> [Problem description]
From the records below, print only the part that opens with the line containing "this 1344×1512 image." and closes with the line containing "Some of the words"; omit the pictures.

----- Input -----

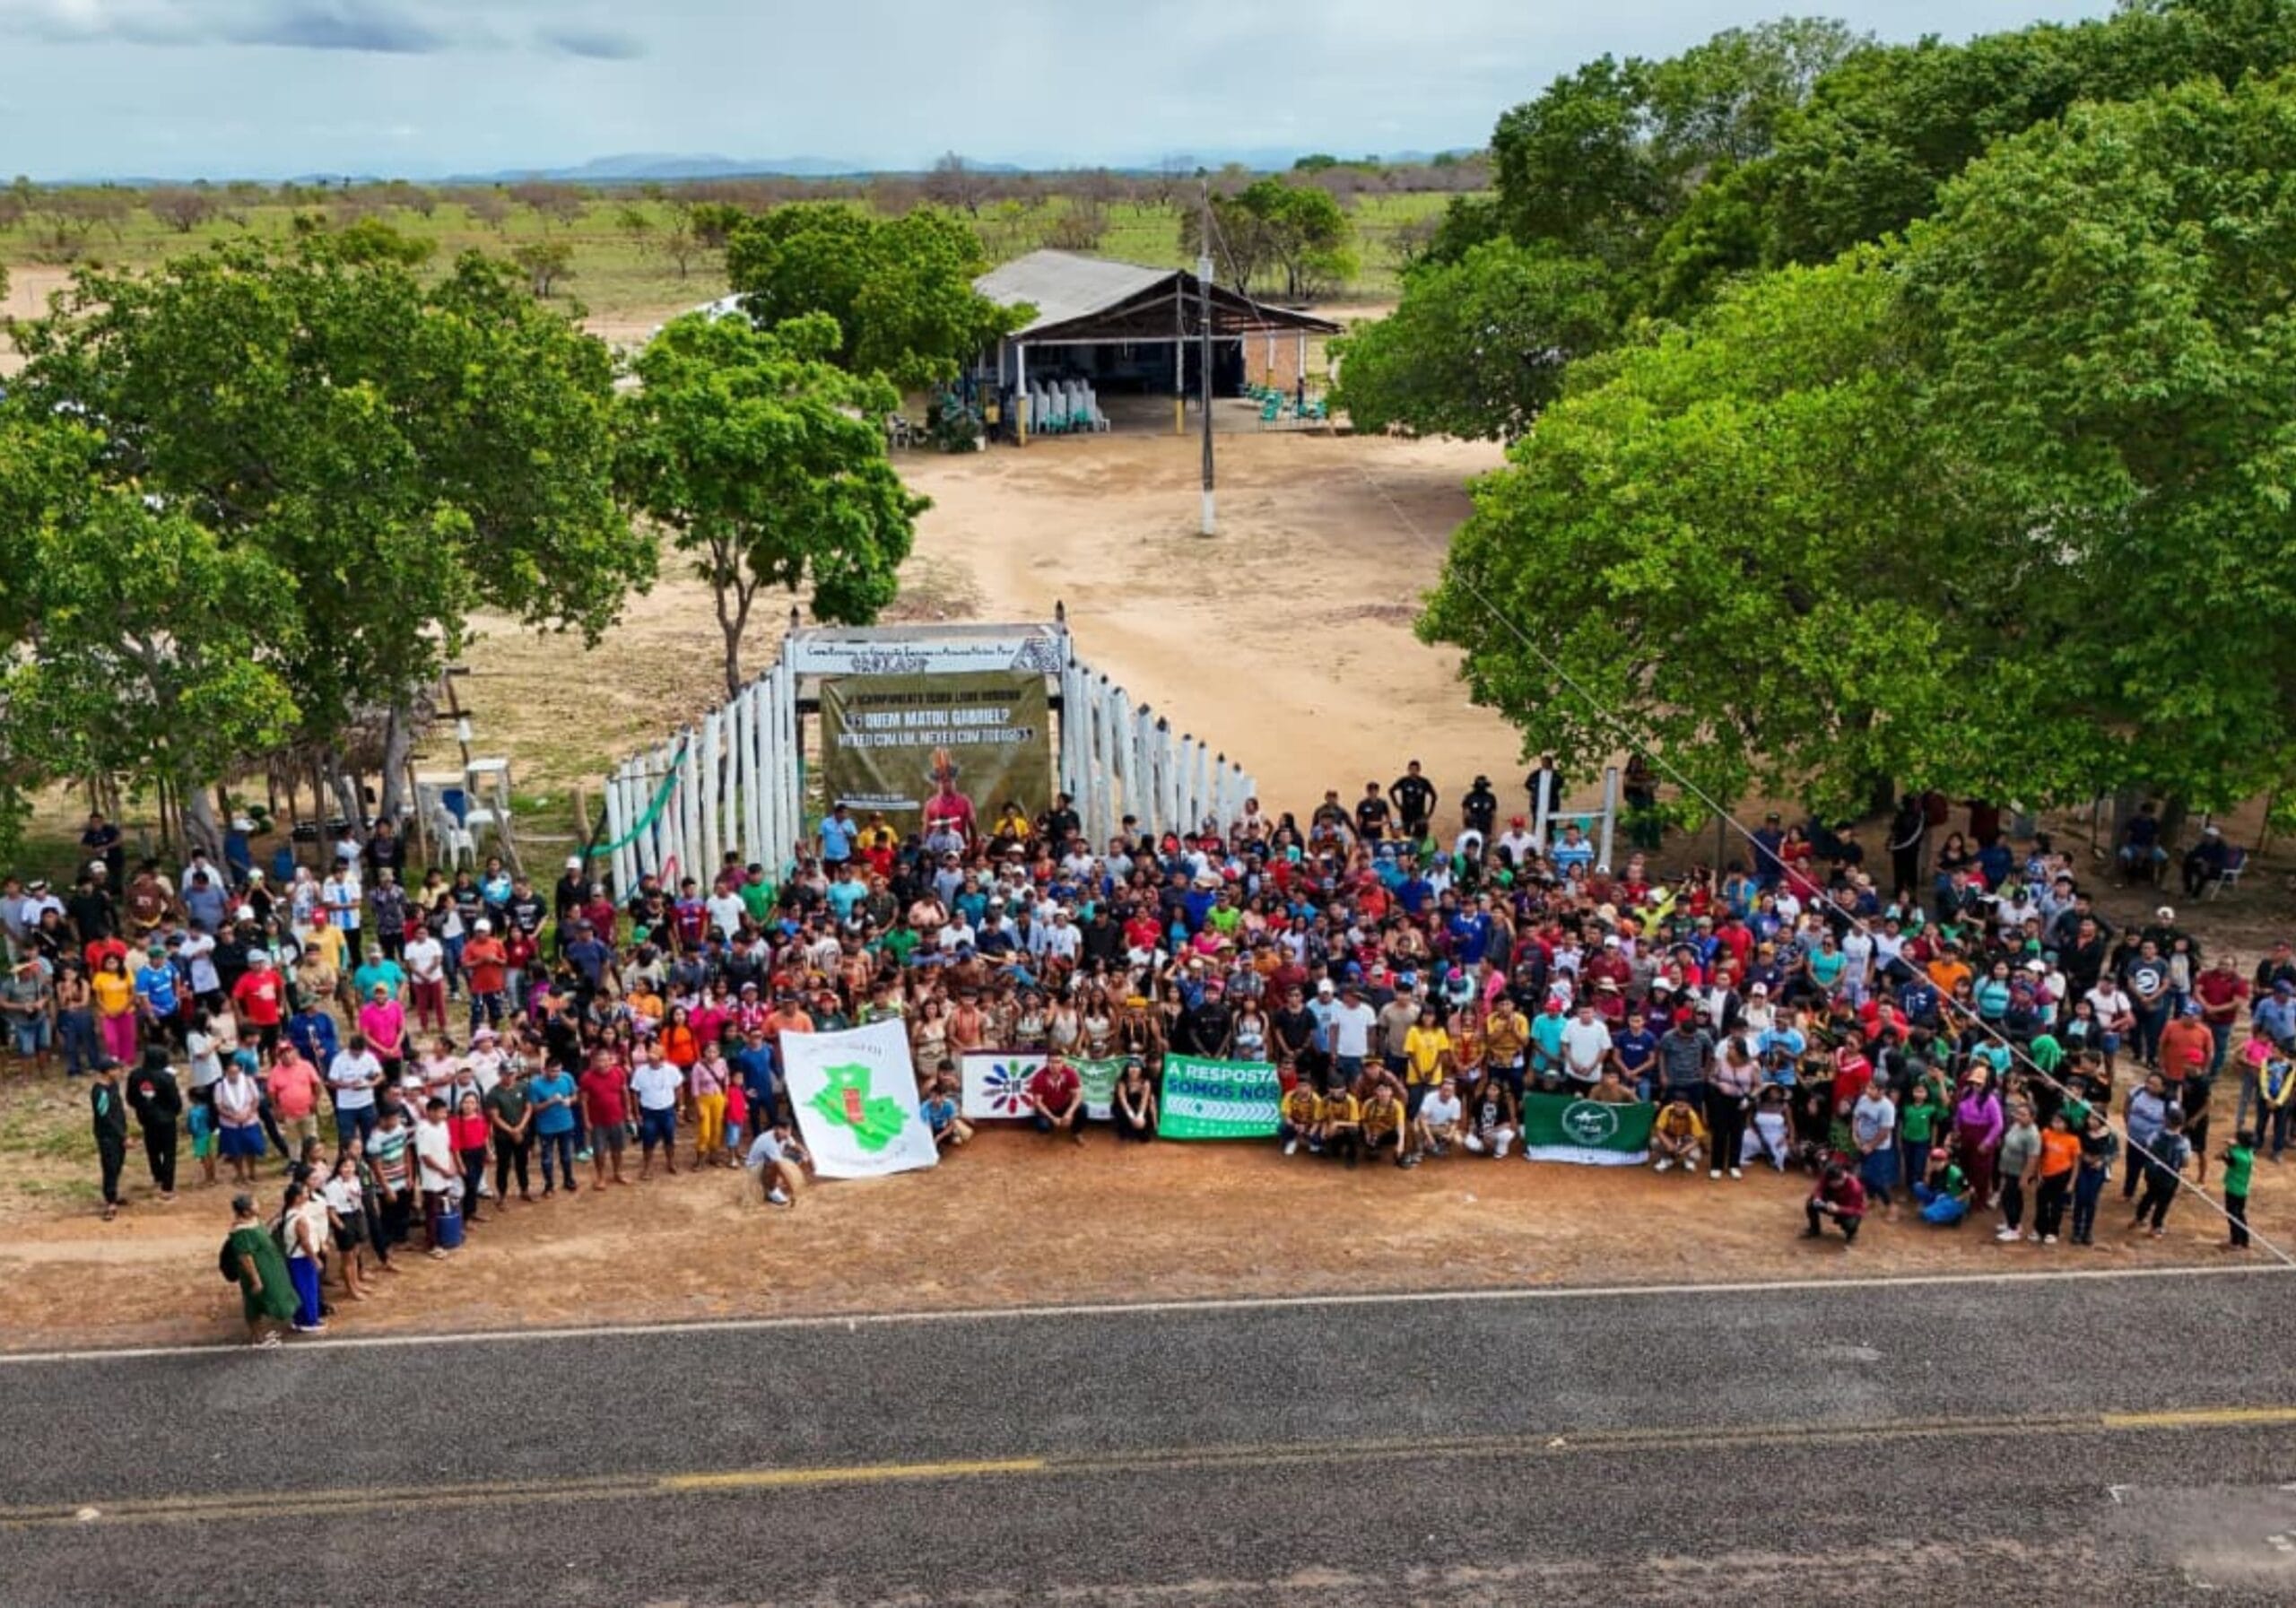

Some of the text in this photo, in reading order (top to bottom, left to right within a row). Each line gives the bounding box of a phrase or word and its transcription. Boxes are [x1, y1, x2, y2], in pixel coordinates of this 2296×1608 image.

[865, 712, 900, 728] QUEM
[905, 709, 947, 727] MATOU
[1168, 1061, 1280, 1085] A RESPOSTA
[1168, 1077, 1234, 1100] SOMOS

-----
----- Input -----

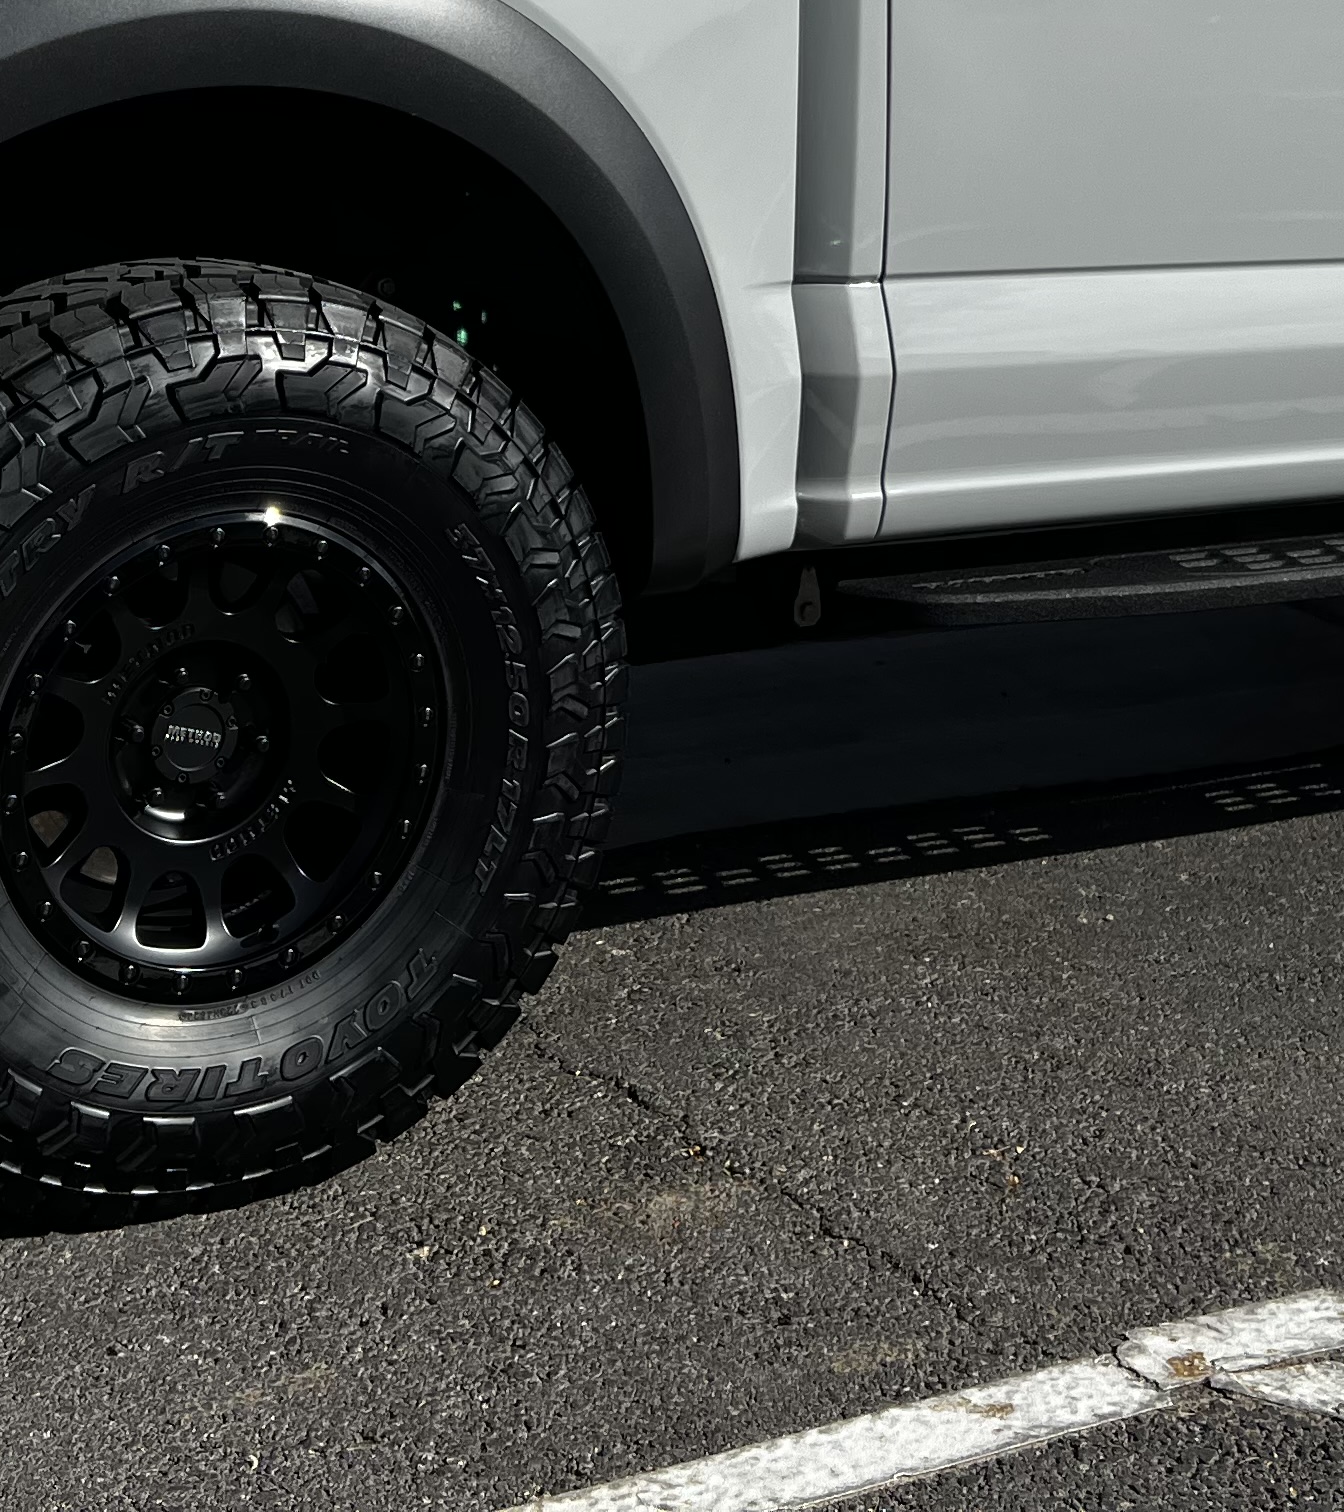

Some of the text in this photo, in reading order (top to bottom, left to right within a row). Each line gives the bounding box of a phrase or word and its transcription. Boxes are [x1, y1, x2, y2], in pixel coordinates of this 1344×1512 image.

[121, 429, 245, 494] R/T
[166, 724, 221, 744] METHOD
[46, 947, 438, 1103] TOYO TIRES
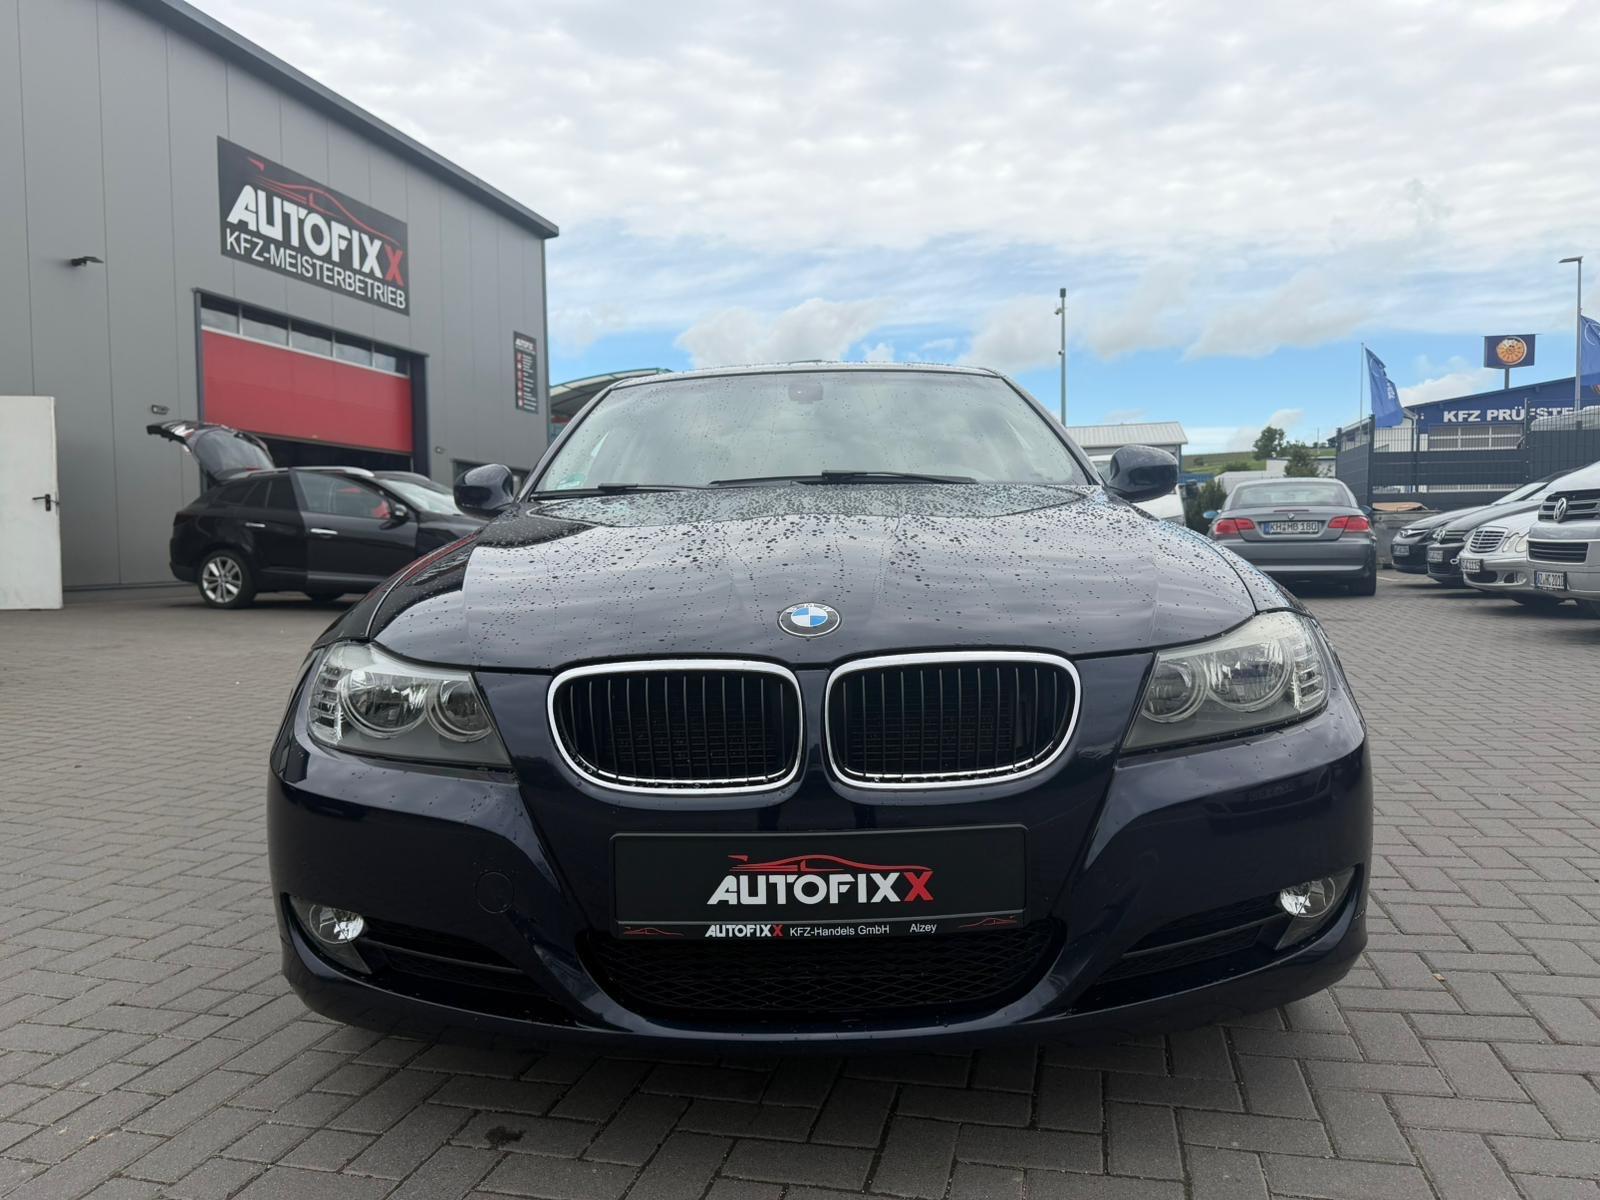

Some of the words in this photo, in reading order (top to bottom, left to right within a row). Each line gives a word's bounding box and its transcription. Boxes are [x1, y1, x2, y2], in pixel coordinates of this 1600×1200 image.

-----

> [Expected answer]
Some of the text in this photo, in reading order (top to bottom, left to right within a row). Each line gives the bounding box of a phrase or word and its transcription. Boxes are [x1, y1, x2, y2], in pixel coordinates of this 1344×1512 image.

[121, 429, 245, 494] R/T
[166, 724, 221, 744] METHOD
[46, 947, 438, 1103] TOYO TIRES

Some of the words in this photo, in reading order (top to bottom, left to right within a row). Each line gives a word's bounding box and its transcription. Boxes are [x1, y1, x2, y2], in pixel coordinates of this 1600×1200 image.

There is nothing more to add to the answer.